**Exercise objective**
Print the whole listing again exactly, keeping no pictures in it.

[Opening Source material section]

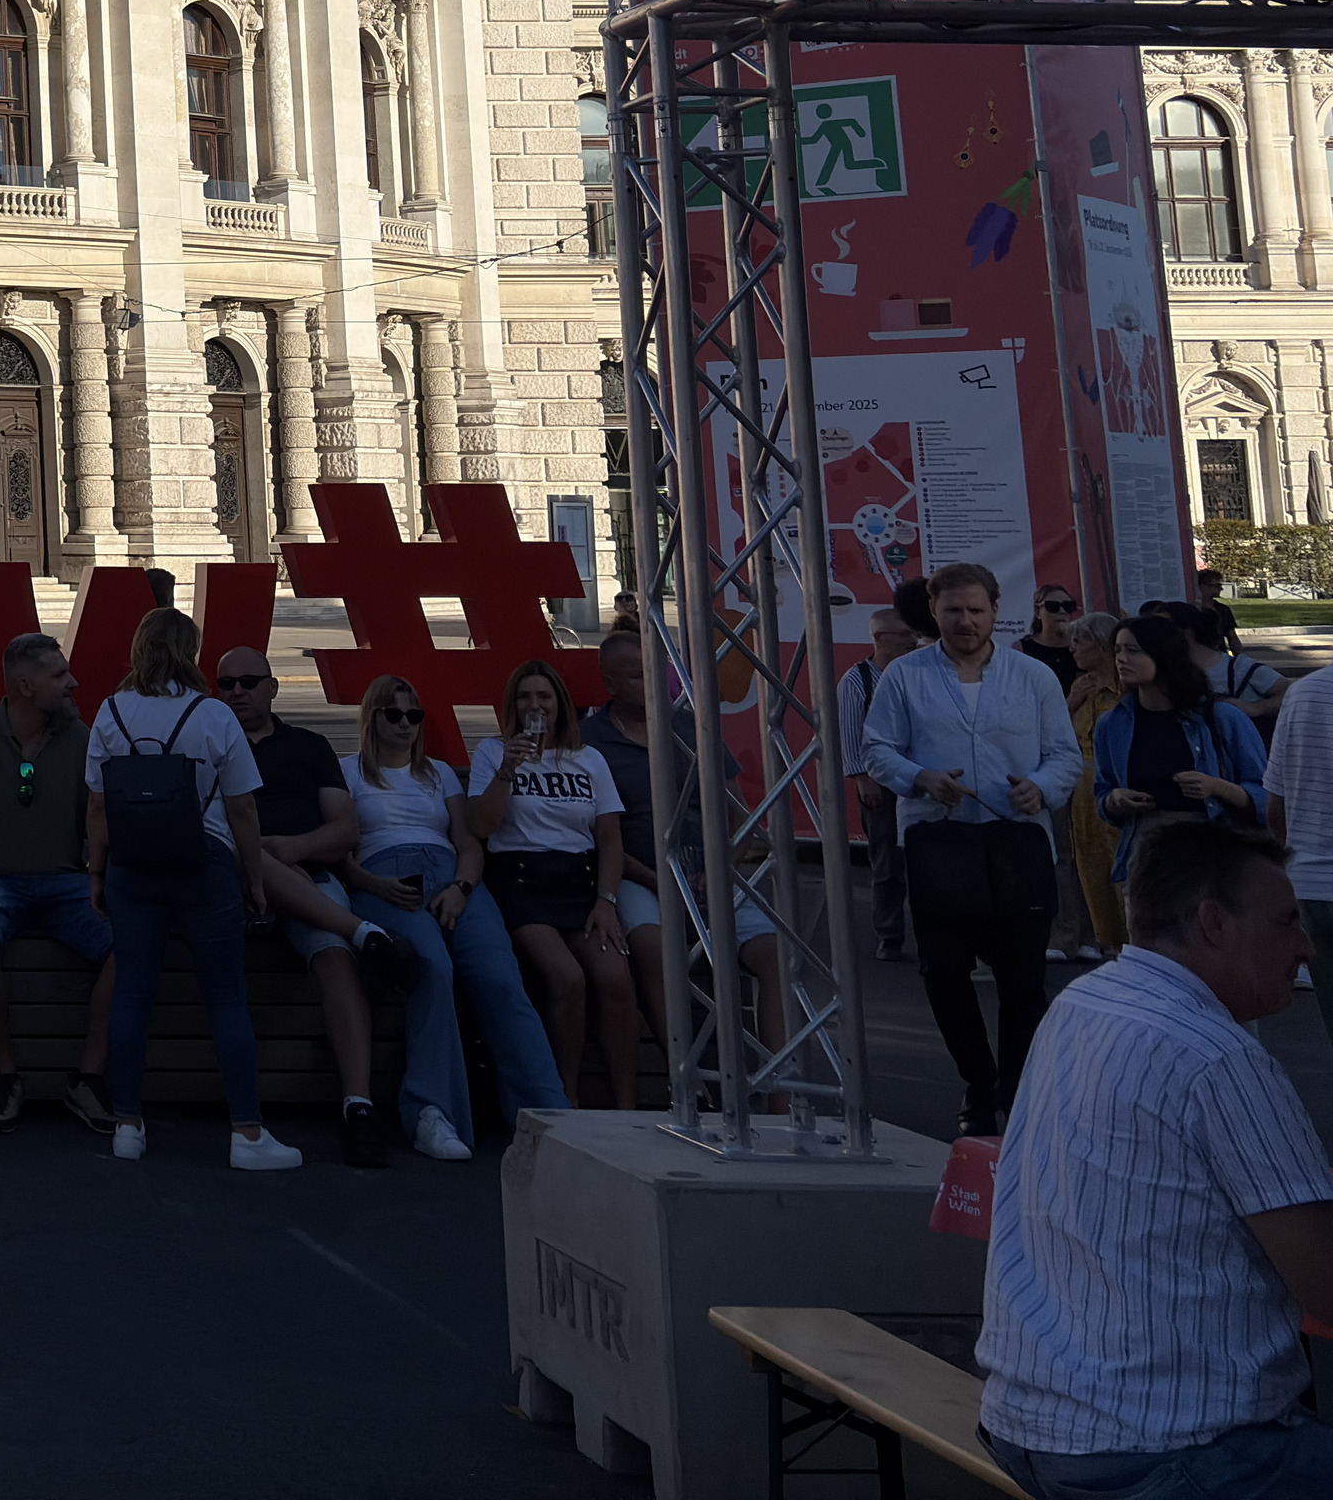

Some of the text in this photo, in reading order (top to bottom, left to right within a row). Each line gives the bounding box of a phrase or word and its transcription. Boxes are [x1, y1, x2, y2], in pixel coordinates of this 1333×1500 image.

[1083, 208, 1129, 240] Platzordnung
[849, 399, 878, 410] 2025
[512, 772, 592, 799] PARIS
[951, 1185, 979, 1202] Stadt
[949, 1197, 981, 1216] Wien
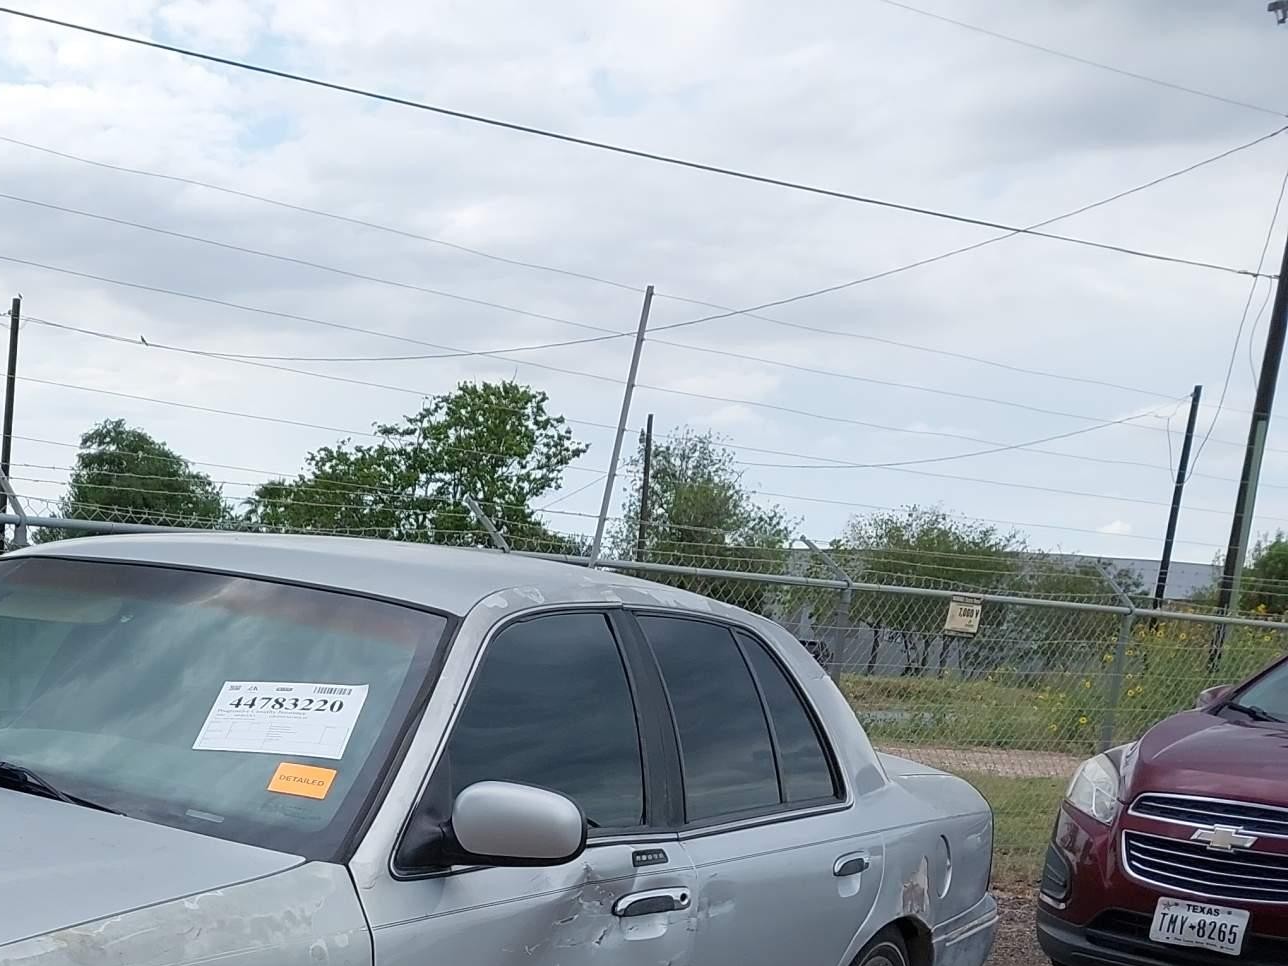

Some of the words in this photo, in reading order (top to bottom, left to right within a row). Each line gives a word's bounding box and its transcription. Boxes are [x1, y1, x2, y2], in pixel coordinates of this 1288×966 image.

[229, 696, 344, 713] 44783220
[278, 774, 325, 787] DETAILED
[1186, 903, 1221, 917] TEXAS
[1158, 912, 1188, 936] TMY
[1196, 918, 1239, 945] 8265
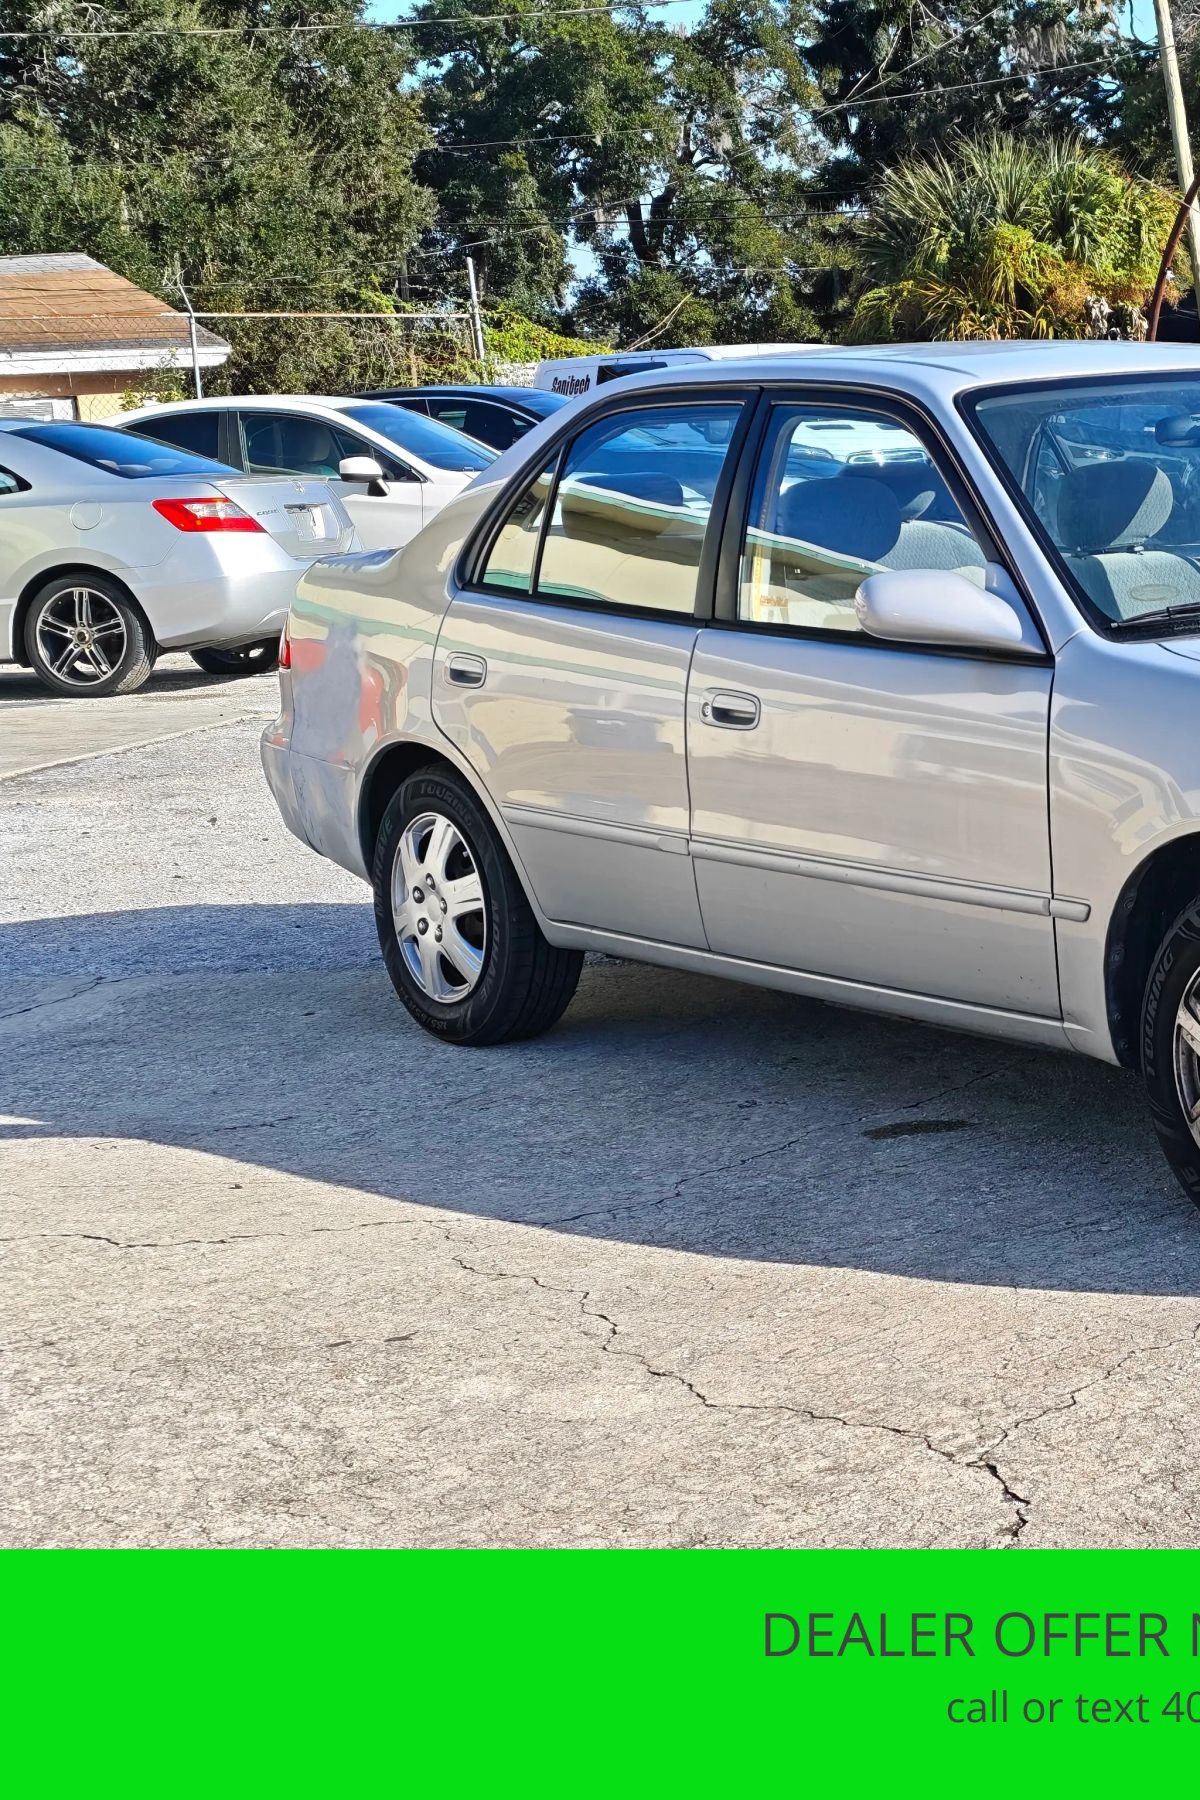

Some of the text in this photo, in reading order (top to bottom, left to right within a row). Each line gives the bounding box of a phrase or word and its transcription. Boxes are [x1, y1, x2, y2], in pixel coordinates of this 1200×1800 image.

[551, 374, 591, 396] Sanitech
[420, 782, 473, 827] TOURING
[1144, 950, 1175, 1078] TOURING

[Closing Source material section]

**Reply to the task**
Some of the text in this photo, in reading order (top to bottom, left to right within a row). Each line gives the bounding box of a phrase or word and its transcription. Boxes are [x1, y1, x2, y2], in pixel coordinates of this 1333×1500 image.

[1083, 208, 1129, 240] Platzordnung
[849, 399, 878, 410] 2025
[512, 772, 592, 799] PARIS
[951, 1185, 979, 1202] Stadt
[949, 1197, 981, 1216] Wien

Some of the words in this photo, in reading order (top to bottom, left to right within a row). Each line gives a word's bounding box and its transcription. Boxes are [x1, y1, x2, y2], in pixel coordinates of this 1288×966 image.

[229, 696, 344, 713] 44783220
[278, 774, 325, 787] DETAILED
[1186, 903, 1221, 917] TEXAS
[1158, 912, 1188, 936] TMY
[1196, 918, 1239, 945] 8265

Some of the text in this photo, in reading order (top to bottom, left to right within a row). Each line gives the bounding box of a phrase or word and its transcription. Boxes are [x1, y1, x2, y2], in pixel coordinates of this 1200×1800 image.

[551, 374, 591, 396] Sanitech
[420, 782, 473, 827] TOURING
[1144, 950, 1175, 1078] TOURING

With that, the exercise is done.